» REQUIRED WORK
All of the data that follows should be retyped exactly, please, except the pictures.

(Dataset items)
━━━━━━━━━━━━━━━━━━━━━━━━━━━━━━

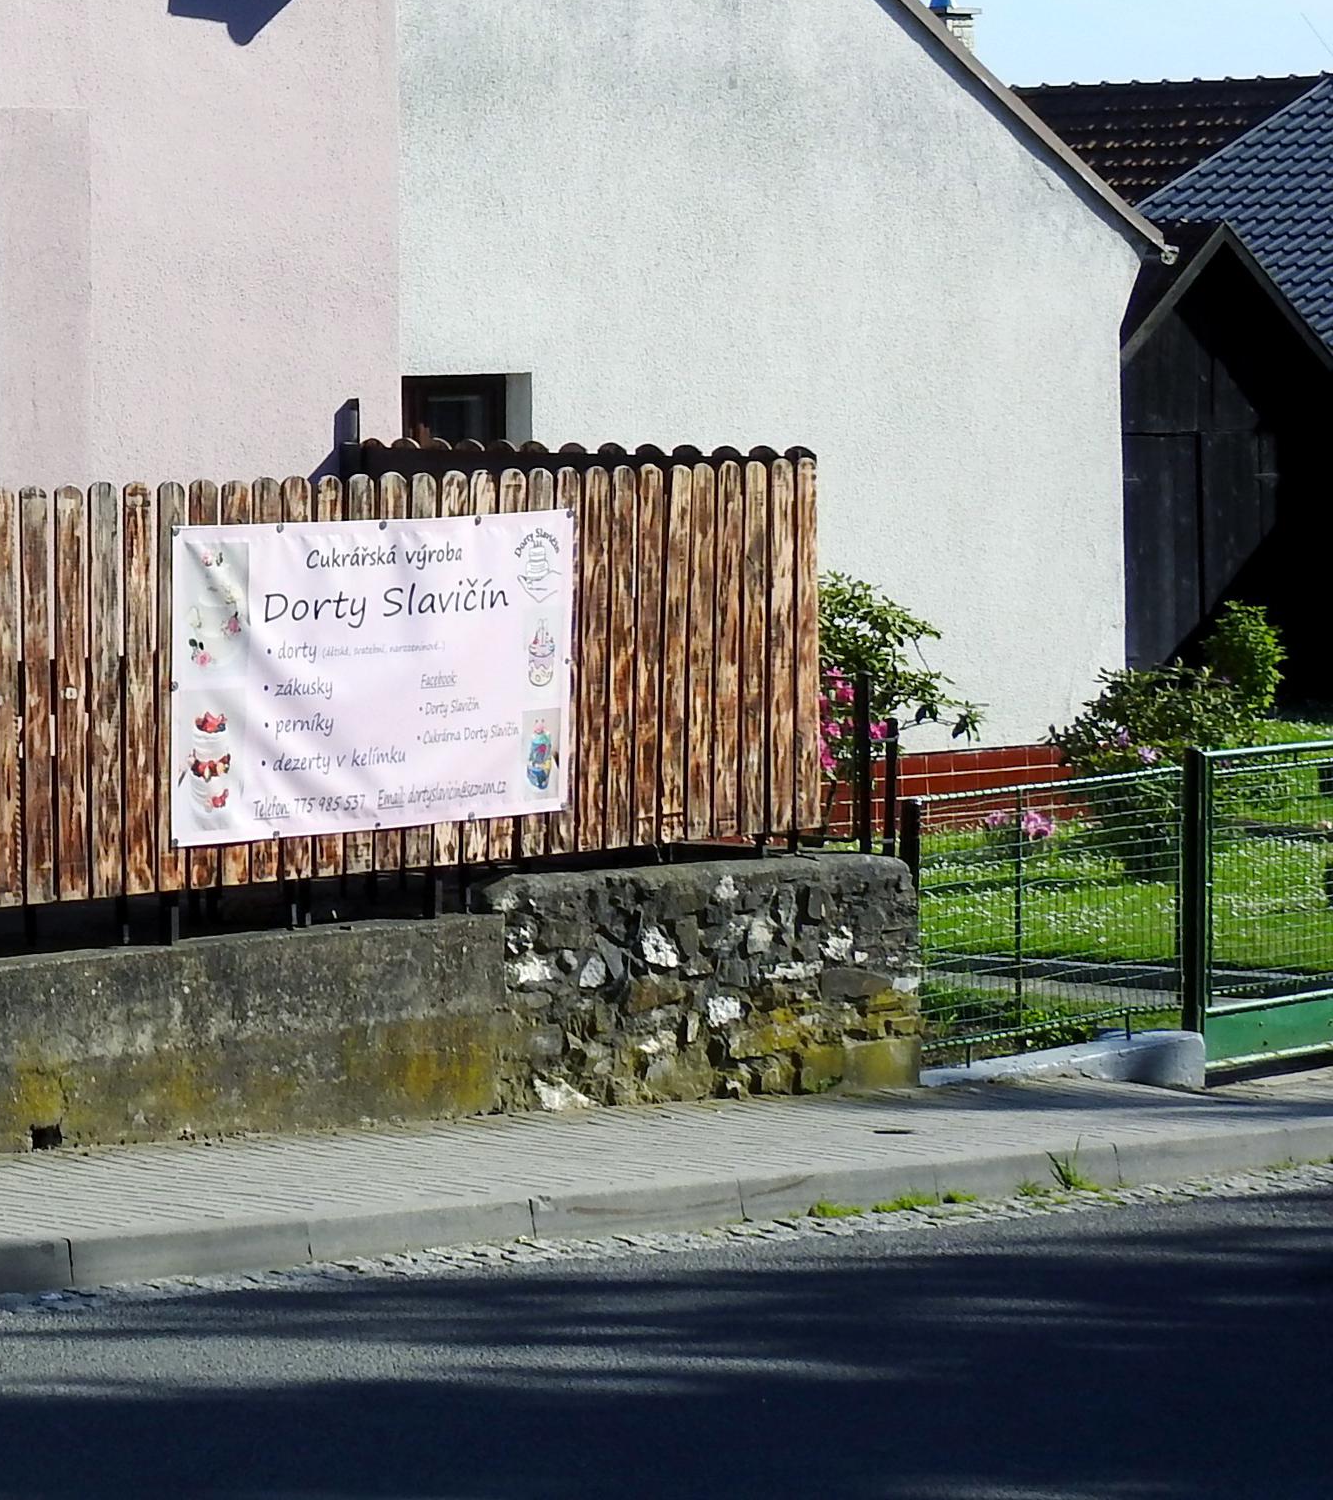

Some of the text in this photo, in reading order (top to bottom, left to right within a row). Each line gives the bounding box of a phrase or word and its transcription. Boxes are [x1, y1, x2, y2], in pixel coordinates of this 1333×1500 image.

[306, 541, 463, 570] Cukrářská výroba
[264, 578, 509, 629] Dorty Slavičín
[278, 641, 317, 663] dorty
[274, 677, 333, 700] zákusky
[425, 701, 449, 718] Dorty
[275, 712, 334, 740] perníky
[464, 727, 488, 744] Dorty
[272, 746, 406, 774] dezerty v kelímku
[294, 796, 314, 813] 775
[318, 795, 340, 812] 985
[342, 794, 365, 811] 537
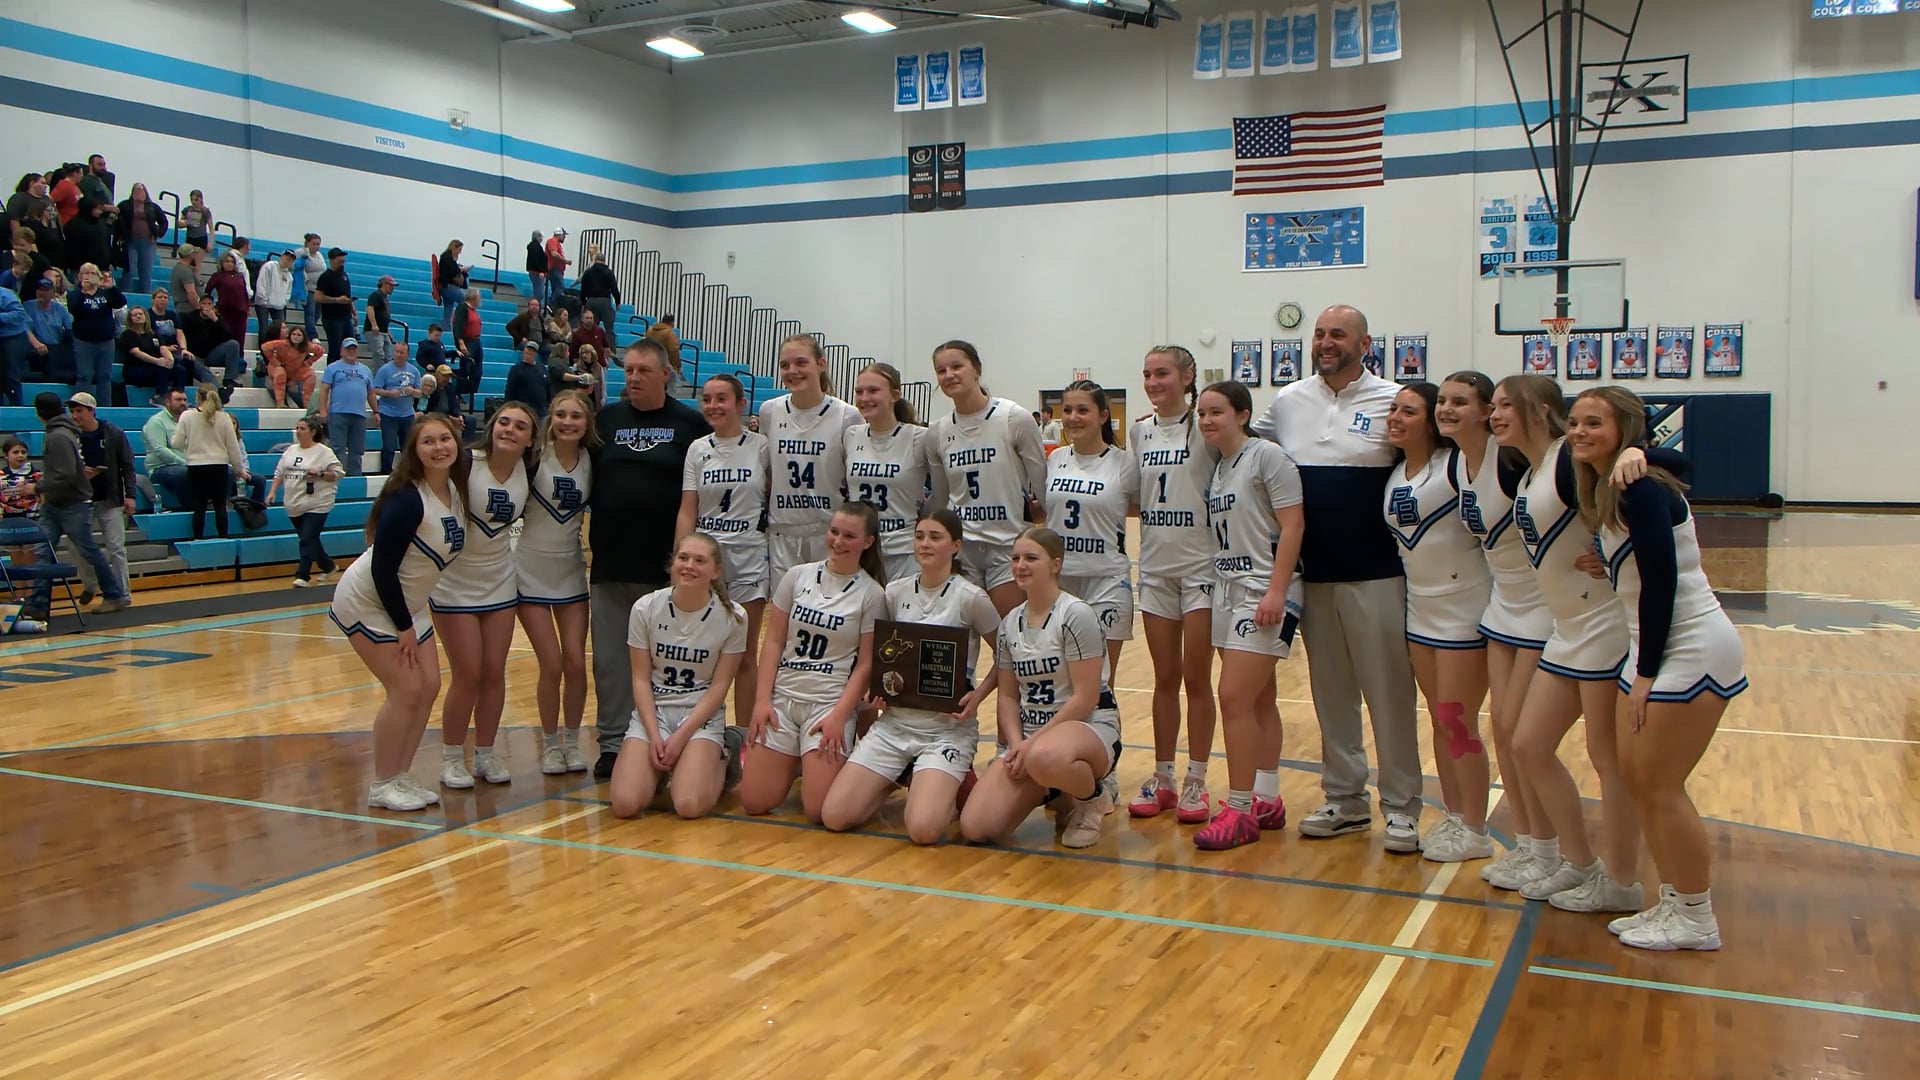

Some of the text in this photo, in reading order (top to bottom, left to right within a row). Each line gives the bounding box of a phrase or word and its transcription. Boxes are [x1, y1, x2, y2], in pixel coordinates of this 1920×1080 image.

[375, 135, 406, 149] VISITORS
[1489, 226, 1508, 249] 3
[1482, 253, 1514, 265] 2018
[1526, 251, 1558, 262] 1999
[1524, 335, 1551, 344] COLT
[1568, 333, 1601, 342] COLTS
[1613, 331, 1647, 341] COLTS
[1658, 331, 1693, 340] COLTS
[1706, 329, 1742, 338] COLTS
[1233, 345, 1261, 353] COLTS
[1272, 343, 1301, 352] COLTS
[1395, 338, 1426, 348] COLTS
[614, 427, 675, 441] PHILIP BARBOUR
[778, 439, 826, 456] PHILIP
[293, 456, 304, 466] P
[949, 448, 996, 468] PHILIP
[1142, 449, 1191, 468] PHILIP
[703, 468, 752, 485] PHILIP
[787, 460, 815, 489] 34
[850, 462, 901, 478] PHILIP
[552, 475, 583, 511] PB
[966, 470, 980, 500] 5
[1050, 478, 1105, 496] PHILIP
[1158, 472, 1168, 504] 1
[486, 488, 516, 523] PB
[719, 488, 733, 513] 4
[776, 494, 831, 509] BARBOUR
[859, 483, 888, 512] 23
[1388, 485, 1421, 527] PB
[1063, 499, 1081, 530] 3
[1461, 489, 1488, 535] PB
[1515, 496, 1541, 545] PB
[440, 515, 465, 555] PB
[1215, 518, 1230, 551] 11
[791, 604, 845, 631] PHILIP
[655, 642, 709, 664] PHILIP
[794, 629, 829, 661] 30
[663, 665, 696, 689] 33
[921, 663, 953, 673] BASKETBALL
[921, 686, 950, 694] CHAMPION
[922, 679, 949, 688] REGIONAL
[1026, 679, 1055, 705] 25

━━━━━━━━━━━━━━━━━━━━━━━━━━━━━━

» YOUR RESPONSE
Some of the text in this photo, in reading order (top to bottom, left to right within a row). Each line gives the bounding box of a phrase or word and its transcription. Boxes are [x1, y1, x2, y2], in pixel coordinates of this 1333×1500 image.

[306, 541, 463, 570] Cukrářská výroba
[264, 578, 509, 629] Dorty Slavičín
[278, 641, 317, 663] dorty
[274, 677, 333, 700] zákusky
[425, 701, 449, 718] Dorty
[275, 712, 334, 740] perníky
[464, 727, 488, 744] Dorty
[272, 746, 406, 774] dezerty v kelímku
[294, 796, 314, 813] 775
[318, 795, 340, 812] 985
[342, 794, 365, 811] 537

Some of the text in this photo, in reading order (top to bottom, left to right within a row). Each line gives the bounding box of a phrase or word and its transcription. Boxes are [x1, y1, x2, y2], in pixel coordinates of this 1920×1080 image.

[375, 135, 406, 149] VISITORS
[1489, 226, 1508, 249] 3
[1482, 253, 1514, 265] 2018
[1526, 251, 1558, 262] 1999
[1524, 335, 1551, 344] COLT
[1568, 333, 1601, 342] COLTS
[1613, 331, 1647, 341] COLTS
[1658, 331, 1693, 340] COLTS
[1706, 329, 1742, 338] COLTS
[1233, 345, 1261, 353] COLTS
[1272, 343, 1301, 352] COLTS
[1395, 338, 1426, 348] COLTS
[614, 427, 675, 441] PHILIP BARBOUR
[778, 439, 826, 456] PHILIP
[293, 456, 304, 466] P
[949, 448, 996, 468] PHILIP
[1142, 449, 1191, 468] PHILIP
[703, 468, 752, 485] PHILIP
[787, 460, 815, 489] 34
[850, 462, 901, 478] PHILIP
[552, 475, 583, 511] PB
[966, 470, 980, 500] 5
[1050, 478, 1105, 496] PHILIP
[1158, 472, 1168, 504] 1
[486, 488, 516, 523] PB
[719, 488, 733, 513] 4
[776, 494, 831, 509] BARBOUR
[859, 483, 888, 512] 23
[1388, 485, 1421, 527] PB
[1063, 499, 1081, 530] 3
[1461, 489, 1488, 535] PB
[1515, 496, 1541, 545] PB
[440, 515, 465, 555] PB
[1215, 518, 1230, 551] 11
[791, 604, 845, 631] PHILIP
[655, 642, 709, 664] PHILIP
[794, 629, 829, 661] 30
[663, 665, 696, 689] 33
[921, 663, 953, 673] BASKETBALL
[921, 686, 950, 694] CHAMPION
[922, 679, 949, 688] REGIONAL
[1026, 679, 1055, 705] 25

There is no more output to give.